| Assigned task |
Copy out the entries that come next, exactly.

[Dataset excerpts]
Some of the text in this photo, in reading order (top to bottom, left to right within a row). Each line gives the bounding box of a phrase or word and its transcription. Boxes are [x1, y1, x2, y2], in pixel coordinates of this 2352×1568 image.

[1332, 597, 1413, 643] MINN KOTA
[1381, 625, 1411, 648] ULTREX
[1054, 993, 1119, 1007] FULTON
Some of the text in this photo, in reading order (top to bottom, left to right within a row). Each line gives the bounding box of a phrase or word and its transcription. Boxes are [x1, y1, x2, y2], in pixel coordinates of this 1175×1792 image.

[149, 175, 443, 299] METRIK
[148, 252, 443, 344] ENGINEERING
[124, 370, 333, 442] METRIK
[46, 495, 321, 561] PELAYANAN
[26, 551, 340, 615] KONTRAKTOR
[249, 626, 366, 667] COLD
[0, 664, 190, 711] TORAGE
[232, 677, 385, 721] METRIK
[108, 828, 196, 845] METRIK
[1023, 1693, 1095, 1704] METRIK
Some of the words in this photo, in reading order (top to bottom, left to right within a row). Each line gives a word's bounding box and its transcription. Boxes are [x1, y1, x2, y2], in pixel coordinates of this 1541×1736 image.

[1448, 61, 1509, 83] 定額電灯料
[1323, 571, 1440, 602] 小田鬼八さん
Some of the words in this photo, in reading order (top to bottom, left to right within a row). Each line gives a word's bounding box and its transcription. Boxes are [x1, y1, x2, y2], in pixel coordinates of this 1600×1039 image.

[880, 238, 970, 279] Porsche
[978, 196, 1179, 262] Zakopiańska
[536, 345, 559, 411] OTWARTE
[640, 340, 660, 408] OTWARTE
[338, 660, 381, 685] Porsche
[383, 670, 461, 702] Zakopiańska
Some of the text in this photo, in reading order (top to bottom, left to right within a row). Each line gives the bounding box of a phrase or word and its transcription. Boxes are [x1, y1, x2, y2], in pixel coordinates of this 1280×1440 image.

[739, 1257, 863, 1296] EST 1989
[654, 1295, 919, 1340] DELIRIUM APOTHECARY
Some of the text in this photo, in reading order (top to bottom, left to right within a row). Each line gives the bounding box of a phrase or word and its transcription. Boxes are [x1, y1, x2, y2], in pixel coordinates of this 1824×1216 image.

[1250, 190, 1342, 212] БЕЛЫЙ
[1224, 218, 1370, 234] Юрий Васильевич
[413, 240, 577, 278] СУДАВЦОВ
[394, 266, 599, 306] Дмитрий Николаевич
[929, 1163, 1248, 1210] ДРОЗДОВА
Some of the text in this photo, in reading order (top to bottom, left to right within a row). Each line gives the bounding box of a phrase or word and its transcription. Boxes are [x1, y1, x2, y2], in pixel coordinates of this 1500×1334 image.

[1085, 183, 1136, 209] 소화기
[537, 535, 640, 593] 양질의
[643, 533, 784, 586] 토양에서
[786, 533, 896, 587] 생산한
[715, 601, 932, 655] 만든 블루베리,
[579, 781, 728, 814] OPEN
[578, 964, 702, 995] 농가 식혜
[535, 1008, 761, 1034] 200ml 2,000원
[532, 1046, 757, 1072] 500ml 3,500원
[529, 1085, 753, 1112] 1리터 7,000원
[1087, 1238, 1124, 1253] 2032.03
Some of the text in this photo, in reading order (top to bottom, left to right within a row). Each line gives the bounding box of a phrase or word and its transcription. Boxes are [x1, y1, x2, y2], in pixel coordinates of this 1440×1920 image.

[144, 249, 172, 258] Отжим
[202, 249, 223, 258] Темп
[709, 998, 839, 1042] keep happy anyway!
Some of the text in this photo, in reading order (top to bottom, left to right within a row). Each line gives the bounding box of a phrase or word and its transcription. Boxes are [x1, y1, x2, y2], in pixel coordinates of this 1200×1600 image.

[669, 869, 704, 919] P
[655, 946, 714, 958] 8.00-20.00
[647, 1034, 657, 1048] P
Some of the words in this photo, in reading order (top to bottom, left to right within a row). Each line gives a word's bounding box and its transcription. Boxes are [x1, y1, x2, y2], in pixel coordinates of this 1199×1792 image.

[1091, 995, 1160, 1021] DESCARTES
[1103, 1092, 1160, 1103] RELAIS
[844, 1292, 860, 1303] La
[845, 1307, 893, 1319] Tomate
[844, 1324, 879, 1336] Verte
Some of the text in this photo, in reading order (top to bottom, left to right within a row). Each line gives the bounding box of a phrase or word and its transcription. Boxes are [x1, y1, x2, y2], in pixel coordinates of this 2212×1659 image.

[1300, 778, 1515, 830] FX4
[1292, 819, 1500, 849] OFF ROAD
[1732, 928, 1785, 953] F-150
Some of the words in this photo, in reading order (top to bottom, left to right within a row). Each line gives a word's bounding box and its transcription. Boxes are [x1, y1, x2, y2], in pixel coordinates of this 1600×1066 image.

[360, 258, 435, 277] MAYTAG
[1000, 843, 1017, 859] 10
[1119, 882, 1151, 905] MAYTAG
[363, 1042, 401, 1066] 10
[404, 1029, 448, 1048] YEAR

| Answer space |
Some of the text in this photo, in reading order (top to bottom, left to right within a row). Each line gives the bounding box of a phrase or word and its transcription. Boxes are [x1, y1, x2, y2], in pixel coordinates of this 2352×1568 image.

[1332, 597, 1413, 643] MINN KOTA
[1381, 625, 1411, 648] ULTREX
[1054, 993, 1119, 1007] FULTON
Some of the text in this photo, in reading order (top to bottom, left to right within a row). Each line gives the bounding box of a phrase or word and its transcription. Boxes are [x1, y1, x2, y2], in pixel coordinates of this 1175×1792 image.

[149, 175, 443, 299] METRIK
[148, 252, 443, 344] ENGINEERING
[124, 370, 333, 442] METRIK
[46, 495, 321, 561] PELAYANAN
[26, 551, 340, 615] KONTRAKTOR
[249, 626, 366, 667] COLD
[0, 664, 190, 711] TORAGE
[232, 677, 385, 721] METRIK
[108, 828, 196, 845] METRIK
[1023, 1693, 1095, 1704] METRIK
Some of the words in this photo, in reading order (top to bottom, left to right within a row). Each line gives a word's bounding box and its transcription. Boxes are [x1, y1, x2, y2], in pixel coordinates of this 1541×1736 image.

[1448, 61, 1509, 83] 定額電灯料
[1323, 571, 1440, 602] 小田鬼八さん
Some of the words in this photo, in reading order (top to bottom, left to right within a row). Each line gives a word's bounding box and its transcription. Boxes are [x1, y1, x2, y2], in pixel coordinates of this 1600×1039 image.

[880, 238, 970, 279] Porsche
[978, 196, 1179, 262] Zakopiańska
[536, 345, 559, 411] OTWARTE
[640, 340, 660, 408] OTWARTE
[338, 660, 381, 685] Porsche
[383, 670, 461, 702] Zakopiańska
Some of the text in this photo, in reading order (top to bottom, left to right within a row). Each line gives the bounding box of a phrase or word and its transcription. Boxes are [x1, y1, x2, y2], in pixel coordinates of this 1280×1440 image.

[739, 1257, 863, 1296] EST 1989
[654, 1295, 919, 1340] DELIRIUM APOTHECARY
Some of the text in this photo, in reading order (top to bottom, left to right within a row). Each line gives the bounding box of a phrase or word and its transcription. Boxes are [x1, y1, x2, y2], in pixel coordinates of this 1824×1216 image.

[1250, 190, 1342, 212] БЕЛЫЙ
[1224, 218, 1370, 234] Юрий Васильевич
[413, 240, 577, 278] СУДАВЦОВ
[394, 266, 599, 306] Дмитрий Николаевич
[929, 1163, 1248, 1210] ДРОЗДОВА
Some of the text in this photo, in reading order (top to bottom, left to right within a row). Each line gives the bounding box of a phrase or word and its transcription. Boxes are [x1, y1, x2, y2], in pixel coordinates of this 1500×1334 image.

[1085, 183, 1136, 209] 소화기
[537, 535, 640, 593] 양질의
[643, 533, 784, 586] 토양에서
[786, 533, 896, 587] 생산한
[715, 601, 932, 655] 만든 블루베리,
[579, 781, 728, 814] OPEN
[578, 964, 702, 995] 농가 식혜
[535, 1008, 761, 1034] 200ml 2,000원
[532, 1046, 757, 1072] 500ml 3,500원
[529, 1085, 753, 1112] 1리터 7,000원
[1087, 1238, 1124, 1253] 2032.03
Some of the text in this photo, in reading order (top to bottom, left to right within a row). Each line gives the bounding box of a phrase or word and its transcription. Boxes are [x1, y1, x2, y2], in pixel coordinates of this 1440×1920 image.

[144, 249, 172, 258] Отжим
[202, 249, 223, 258] Темп
[709, 998, 839, 1042] keep happy anyway!
Some of the text in this photo, in reading order (top to bottom, left to right within a row). Each line gives the bounding box of a phrase or word and its transcription. Boxes are [x1, y1, x2, y2], in pixel coordinates of this 1200×1600 image.

[669, 869, 704, 919] P
[655, 946, 714, 958] 8.00-20.00
[647, 1034, 657, 1048] P
Some of the words in this photo, in reading order (top to bottom, left to right within a row). Each line gives a word's bounding box and its transcription. Boxes are [x1, y1, x2, y2], in pixel coordinates of this 1199×1792 image.

[1091, 995, 1160, 1021] DESCARTES
[1103, 1092, 1160, 1103] RELAIS
[844, 1292, 860, 1303] La
[845, 1307, 893, 1319] Tomate
[844, 1324, 879, 1336] Verte
Some of the text in this photo, in reading order (top to bottom, left to right within a row). Each line gives the bounding box of a phrase or word and its transcription. Boxes are [x1, y1, x2, y2], in pixel coordinates of this 2212×1659 image.

[1300, 778, 1515, 830] FX4
[1292, 819, 1500, 849] OFF ROAD
[1732, 928, 1785, 953] F-150
Some of the words in this photo, in reading order (top to bottom, left to right within a row). Each line gives a word's bounding box and its transcription. Boxes are [x1, y1, x2, y2], in pixel coordinates of this 1600×1066 image.

[360, 258, 435, 277] MAYTAG
[1000, 843, 1017, 859] 10
[1119, 882, 1151, 905] MAYTAG
[363, 1042, 401, 1066] 10
[404, 1029, 448, 1048] YEAR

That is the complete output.